§ Work task
Present the lines below again, exactly as they stand.

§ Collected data
____________

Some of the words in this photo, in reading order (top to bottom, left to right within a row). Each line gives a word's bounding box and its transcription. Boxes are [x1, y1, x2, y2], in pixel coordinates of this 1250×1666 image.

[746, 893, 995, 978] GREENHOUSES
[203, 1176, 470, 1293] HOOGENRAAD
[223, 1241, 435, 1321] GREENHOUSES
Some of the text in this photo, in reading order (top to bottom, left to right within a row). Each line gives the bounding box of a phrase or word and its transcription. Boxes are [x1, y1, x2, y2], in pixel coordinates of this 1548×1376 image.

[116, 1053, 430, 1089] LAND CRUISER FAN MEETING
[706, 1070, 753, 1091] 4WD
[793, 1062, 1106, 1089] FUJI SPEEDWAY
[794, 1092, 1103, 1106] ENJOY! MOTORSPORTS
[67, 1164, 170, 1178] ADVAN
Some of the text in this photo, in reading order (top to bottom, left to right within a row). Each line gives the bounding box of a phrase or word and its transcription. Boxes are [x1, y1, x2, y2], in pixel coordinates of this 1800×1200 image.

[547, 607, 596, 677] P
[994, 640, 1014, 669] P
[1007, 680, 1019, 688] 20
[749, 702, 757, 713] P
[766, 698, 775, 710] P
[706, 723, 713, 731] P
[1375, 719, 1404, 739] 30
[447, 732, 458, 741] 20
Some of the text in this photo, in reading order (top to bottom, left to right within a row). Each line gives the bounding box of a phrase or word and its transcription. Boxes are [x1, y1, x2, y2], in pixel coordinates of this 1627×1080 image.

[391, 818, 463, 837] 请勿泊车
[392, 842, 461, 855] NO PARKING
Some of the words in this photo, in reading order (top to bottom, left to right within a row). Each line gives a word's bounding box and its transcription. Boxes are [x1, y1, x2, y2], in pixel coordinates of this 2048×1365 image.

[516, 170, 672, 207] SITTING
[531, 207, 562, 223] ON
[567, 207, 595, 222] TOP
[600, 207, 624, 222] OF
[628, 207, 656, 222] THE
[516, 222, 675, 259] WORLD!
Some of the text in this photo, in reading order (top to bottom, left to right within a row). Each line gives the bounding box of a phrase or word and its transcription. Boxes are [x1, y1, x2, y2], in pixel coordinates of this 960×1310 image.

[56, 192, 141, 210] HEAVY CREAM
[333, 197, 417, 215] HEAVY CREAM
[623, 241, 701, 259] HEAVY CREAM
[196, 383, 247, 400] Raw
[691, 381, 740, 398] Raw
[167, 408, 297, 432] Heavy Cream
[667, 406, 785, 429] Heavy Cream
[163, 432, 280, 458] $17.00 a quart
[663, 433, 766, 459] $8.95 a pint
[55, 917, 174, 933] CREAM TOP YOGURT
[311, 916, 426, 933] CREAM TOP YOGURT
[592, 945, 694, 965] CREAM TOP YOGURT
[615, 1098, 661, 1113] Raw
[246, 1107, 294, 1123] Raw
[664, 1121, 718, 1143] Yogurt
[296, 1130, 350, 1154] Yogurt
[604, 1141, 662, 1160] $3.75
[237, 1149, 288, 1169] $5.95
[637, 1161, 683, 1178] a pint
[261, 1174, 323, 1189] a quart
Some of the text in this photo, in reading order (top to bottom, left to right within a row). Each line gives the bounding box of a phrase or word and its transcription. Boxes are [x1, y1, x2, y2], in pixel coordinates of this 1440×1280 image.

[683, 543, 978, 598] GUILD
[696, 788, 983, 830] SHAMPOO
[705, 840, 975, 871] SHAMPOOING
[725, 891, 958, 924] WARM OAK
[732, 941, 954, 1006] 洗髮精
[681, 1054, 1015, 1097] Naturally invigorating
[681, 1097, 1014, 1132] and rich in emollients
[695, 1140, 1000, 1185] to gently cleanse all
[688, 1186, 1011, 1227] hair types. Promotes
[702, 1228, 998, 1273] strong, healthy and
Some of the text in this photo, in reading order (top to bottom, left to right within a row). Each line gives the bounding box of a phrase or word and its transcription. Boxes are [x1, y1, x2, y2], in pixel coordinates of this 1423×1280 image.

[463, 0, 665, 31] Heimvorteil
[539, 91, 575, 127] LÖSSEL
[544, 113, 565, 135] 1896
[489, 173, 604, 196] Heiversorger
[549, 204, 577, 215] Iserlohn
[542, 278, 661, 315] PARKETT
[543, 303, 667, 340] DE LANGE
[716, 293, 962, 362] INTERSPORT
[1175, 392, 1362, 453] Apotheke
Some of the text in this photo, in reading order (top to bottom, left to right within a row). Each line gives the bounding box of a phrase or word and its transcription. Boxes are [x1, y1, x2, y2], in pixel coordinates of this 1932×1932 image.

____________

§ Response box
Some of the words in this photo, in reading order (top to bottom, left to right within a row). Each line gives a word's bounding box and its transcription. Boxes are [x1, y1, x2, y2], in pixel coordinates of this 1250×1666 image.

[746, 893, 995, 978] GREENHOUSES
[203, 1176, 470, 1293] HOOGENRAAD
[223, 1241, 435, 1321] GREENHOUSES
Some of the text in this photo, in reading order (top to bottom, left to right within a row). Each line gives the bounding box of a phrase or word and its transcription. Boxes are [x1, y1, x2, y2], in pixel coordinates of this 1548×1376 image.

[116, 1053, 430, 1089] LAND CRUISER FAN MEETING
[706, 1070, 753, 1091] 4WD
[793, 1062, 1106, 1089] FUJI SPEEDWAY
[794, 1092, 1103, 1106] ENJOY! MOTORSPORTS
[67, 1164, 170, 1178] ADVAN
Some of the text in this photo, in reading order (top to bottom, left to right within a row). Each line gives the bounding box of a phrase or word and its transcription. Boxes are [x1, y1, x2, y2], in pixel coordinates of this 1800×1200 image.

[547, 607, 596, 677] P
[994, 640, 1014, 669] P
[1007, 680, 1019, 688] 20
[749, 702, 757, 713] P
[766, 698, 775, 710] P
[706, 723, 713, 731] P
[1375, 719, 1404, 739] 30
[447, 732, 458, 741] 20
Some of the text in this photo, in reading order (top to bottom, left to right within a row). Each line gives the bounding box of a phrase or word and its transcription. Boxes are [x1, y1, x2, y2], in pixel coordinates of this 1627×1080 image.

[391, 818, 463, 837] 请勿泊车
[392, 842, 461, 855] NO PARKING
Some of the words in this photo, in reading order (top to bottom, left to right within a row). Each line gives a word's bounding box and its transcription. Boxes are [x1, y1, x2, y2], in pixel coordinates of this 2048×1365 image.

[516, 170, 672, 207] SITTING
[531, 207, 562, 223] ON
[567, 207, 595, 222] TOP
[600, 207, 624, 222] OF
[628, 207, 656, 222] THE
[516, 222, 675, 259] WORLD!
Some of the text in this photo, in reading order (top to bottom, left to right within a row). Each line gives the bounding box of a phrase or word and its transcription. Boxes are [x1, y1, x2, y2], in pixel coordinates of this 960×1310 image.

[56, 192, 141, 210] HEAVY CREAM
[333, 197, 417, 215] HEAVY CREAM
[623, 241, 701, 259] HEAVY CREAM
[196, 383, 247, 400] Raw
[691, 381, 740, 398] Raw
[167, 408, 297, 432] Heavy Cream
[667, 406, 785, 429] Heavy Cream
[163, 432, 280, 458] $17.00 a quart
[663, 433, 766, 459] $8.95 a pint
[55, 917, 174, 933] CREAM TOP YOGURT
[311, 916, 426, 933] CREAM TOP YOGURT
[592, 945, 694, 965] CREAM TOP YOGURT
[615, 1098, 661, 1113] Raw
[246, 1107, 294, 1123] Raw
[664, 1121, 718, 1143] Yogurt
[296, 1130, 350, 1154] Yogurt
[604, 1141, 662, 1160] $3.75
[237, 1149, 288, 1169] $5.95
[637, 1161, 683, 1178] a pint
[261, 1174, 323, 1189] a quart
Some of the text in this photo, in reading order (top to bottom, left to right within a row). Each line gives the bounding box of a phrase or word and its transcription. Boxes are [x1, y1, x2, y2], in pixel coordinates of this 1440×1280 image.

[683, 543, 978, 598] GUILD
[696, 788, 983, 830] SHAMPOO
[705, 840, 975, 871] SHAMPOOING
[725, 891, 958, 924] WARM OAK
[732, 941, 954, 1006] 洗髮精
[681, 1054, 1015, 1097] Naturally invigorating
[681, 1097, 1014, 1132] and rich in emollients
[695, 1140, 1000, 1185] to gently cleanse all
[688, 1186, 1011, 1227] hair types. Promotes
[702, 1228, 998, 1273] strong, healthy and
Some of the text in this photo, in reading order (top to bottom, left to right within a row). Each line gives the bounding box of a phrase or word and its transcription. Boxes are [x1, y1, x2, y2], in pixel coordinates of this 1423×1280 image.

[463, 0, 665, 31] Heimvorteil
[539, 91, 575, 127] LÖSSEL
[544, 113, 565, 135] 1896
[489, 173, 604, 196] Heiversorger
[549, 204, 577, 215] Iserlohn
[542, 278, 661, 315] PARKETT
[543, 303, 667, 340] DE LANGE
[716, 293, 962, 362] INTERSPORT
[1175, 392, 1362, 453] Apotheke
Some of the text in this photo, in reading order (top to bottom, left to right within a row). Each line gives the bounding box of a phrase or word and its transcription. Boxes are [x1, y1, x2, y2], in pixel coordinates of this 1932×1932 image.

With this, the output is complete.